- ICH GCP
- US Clinical Trials Registry
- Clinical Trial NCT02133885
Study 2: Effect of Minocycline Treatment on Drug-Resistant Hypertensive Patients
Angiotensin and Neuroimmune Activation in Hypertension
Hypertension (HTN) is the single most prevalent risk factor for cardiovascular disease, diabetes, obesity and metabolic syndrome. Despite advances in life style modification and multi-drug therapies, 20-30% of all hypertensive patients remain resistant.
These individuals exhibit autonomic dysregulation due to elevated sympathetic activity and norepinephrine spillover, and low parasympathetic activity. It is generally accepted that this uncontrolled, resistant HTN is primarily "neurogenic" in origin, involving over activity of the sympathetic nervous system that initiates and sustains HTN. Thus, a mechanism-based breakthrough is imperative to develop novel strategies to prevent and perhaps eventually cure neurogenic hypertension (NH).
This study is a double-blind, placebo-controlled, cross-over design to test the hypothesis that minocycline treatment would produce antihypertensive effects in drug-resistant neurogenic hypertensive individuals.
Study Overview
Status
Conditions
Intervention / Treatment
Detailed Description
This is a double-blind, placebo-controlled, cross over design to evaluate the effects of minocycline in patients with resistent hypertension.

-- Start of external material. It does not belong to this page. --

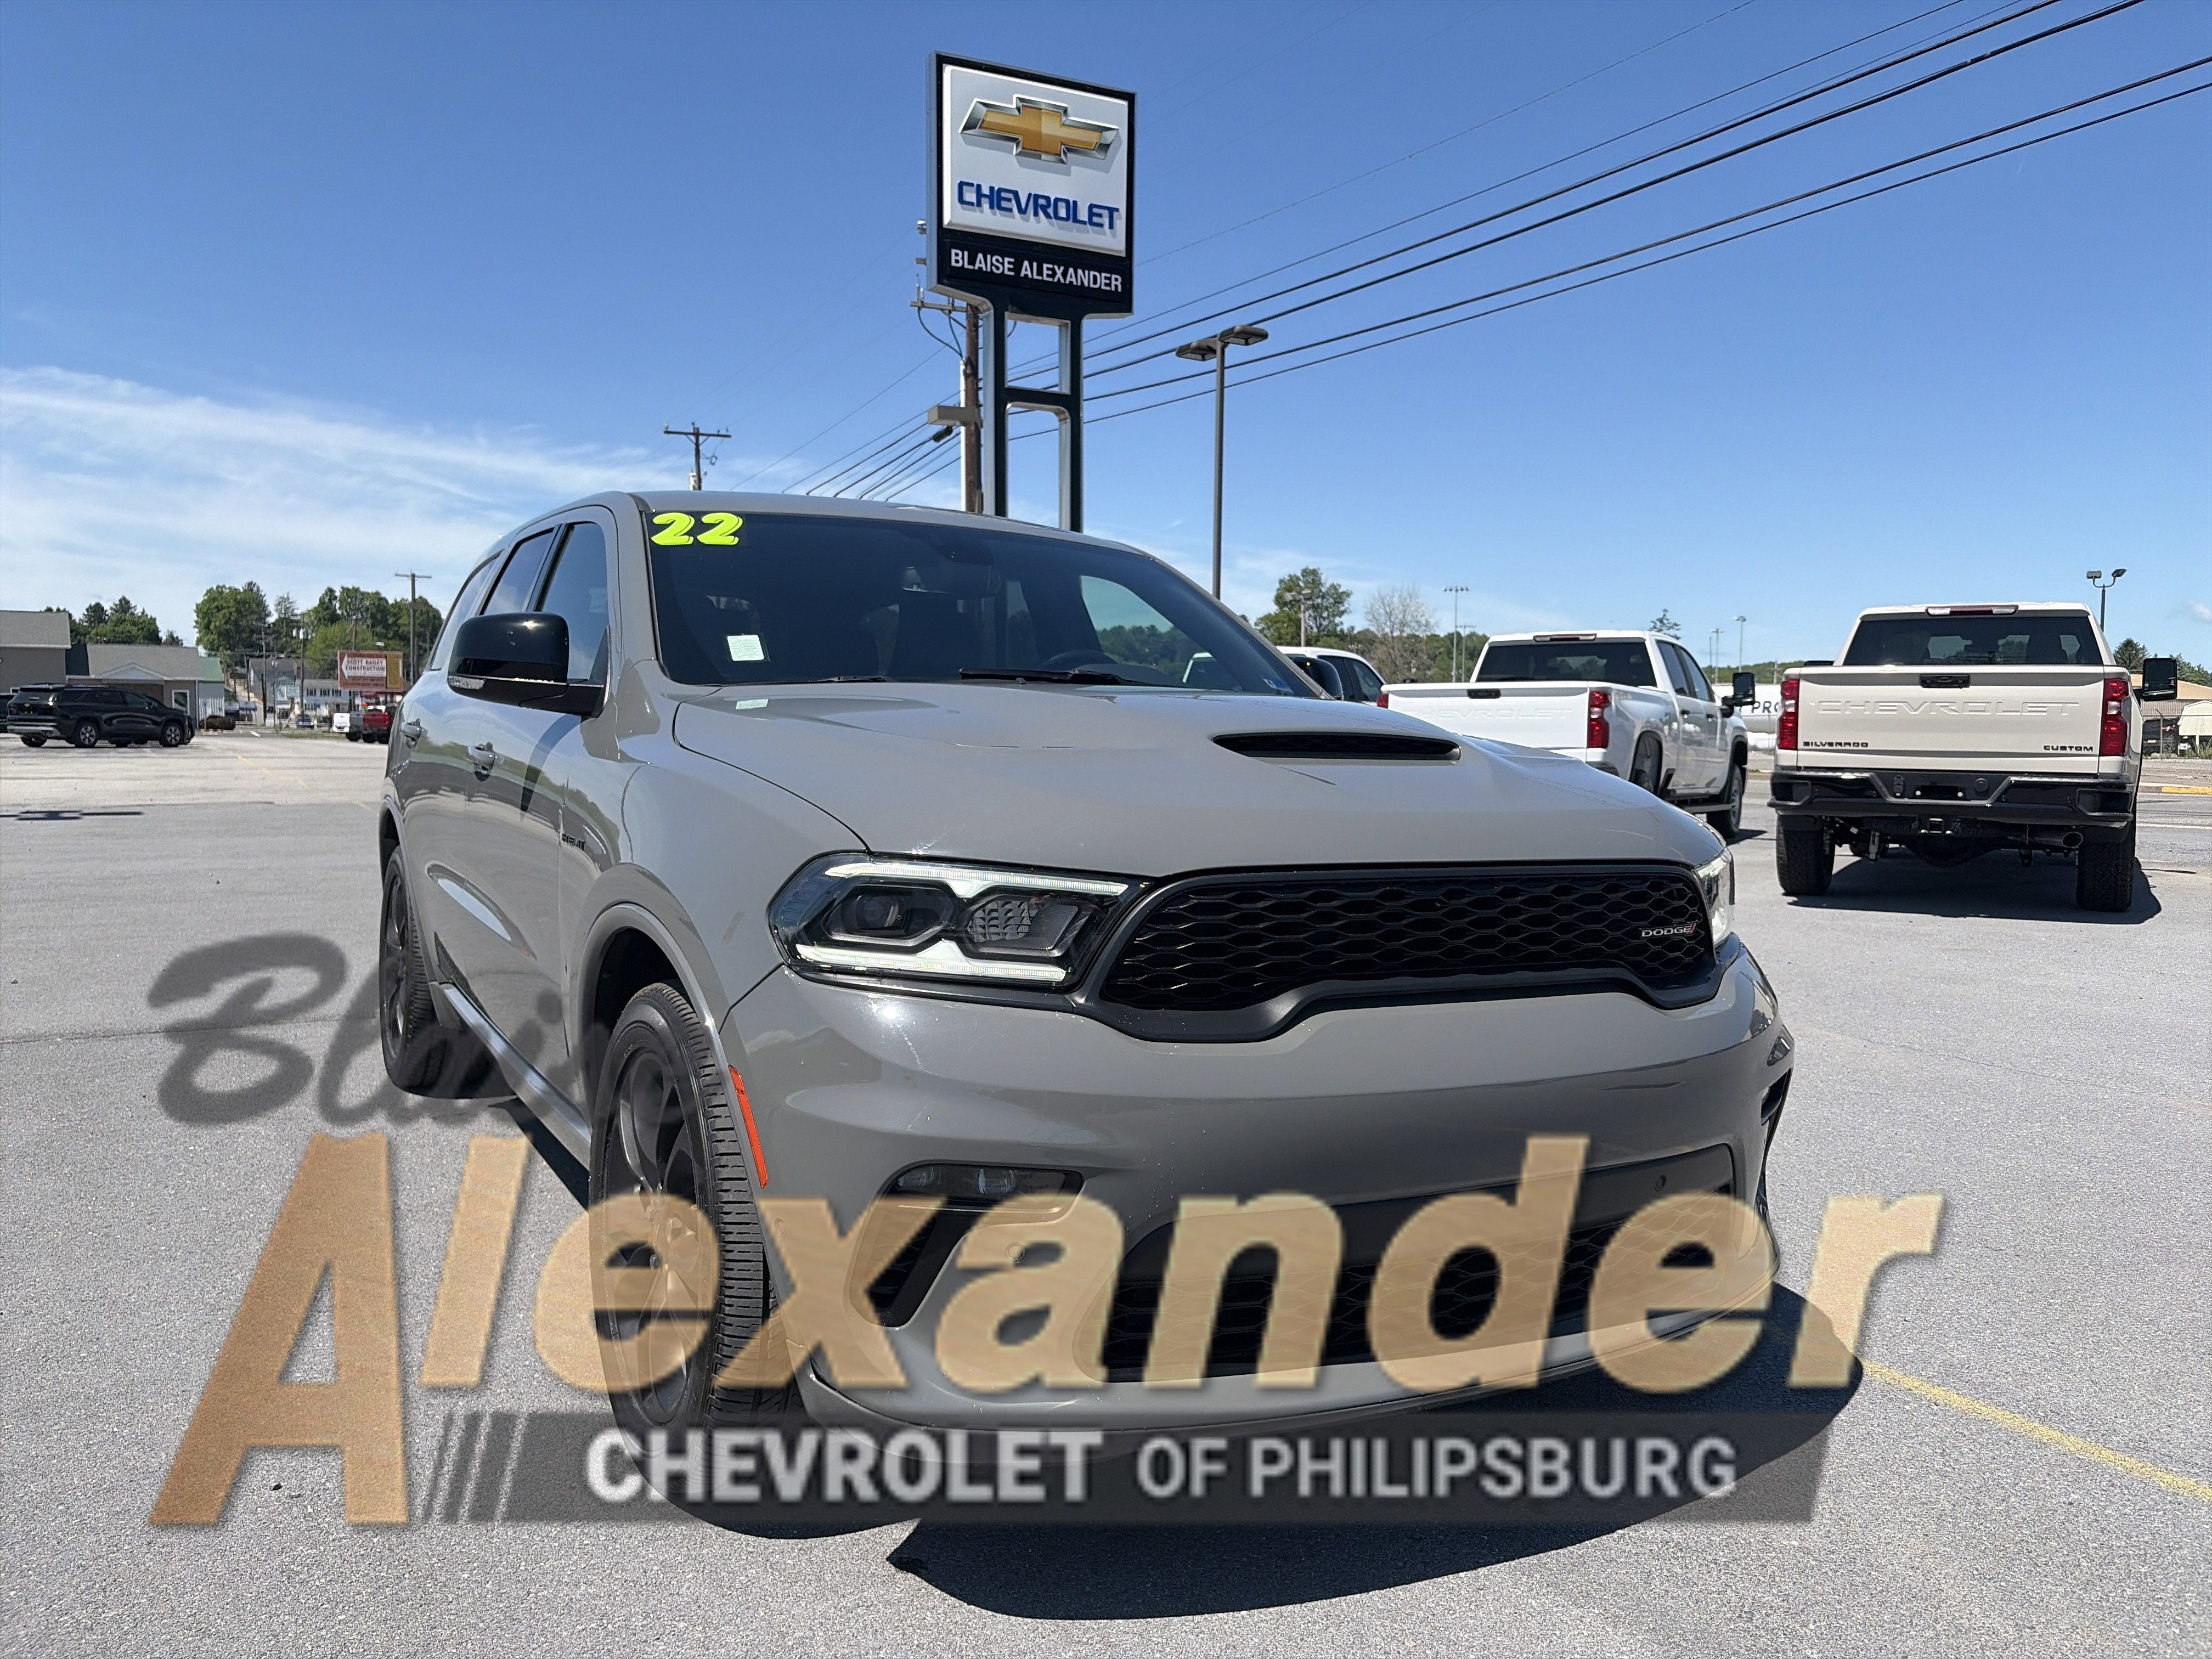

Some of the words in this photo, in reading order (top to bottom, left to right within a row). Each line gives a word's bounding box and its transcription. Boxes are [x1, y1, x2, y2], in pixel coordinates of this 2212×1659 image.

After providing informed consent, patients will have baseline and followup visits during which a brief physical examination will be performed, medical history, assessment of medication compliance and tolerance, and vital signs will be completed.
Subjects will undergo blood (lipid panel, high sensitivity-C reactive protein, high sensitivity troponin, glucose, metabolic profile, lipid panel, Cystatin C and albumin) and urine studies at the baseline visit and at 16, 19, 35 and 54 weeks. Patients will have ambulatory BP monitoring at baseline and at the end of each treatment period.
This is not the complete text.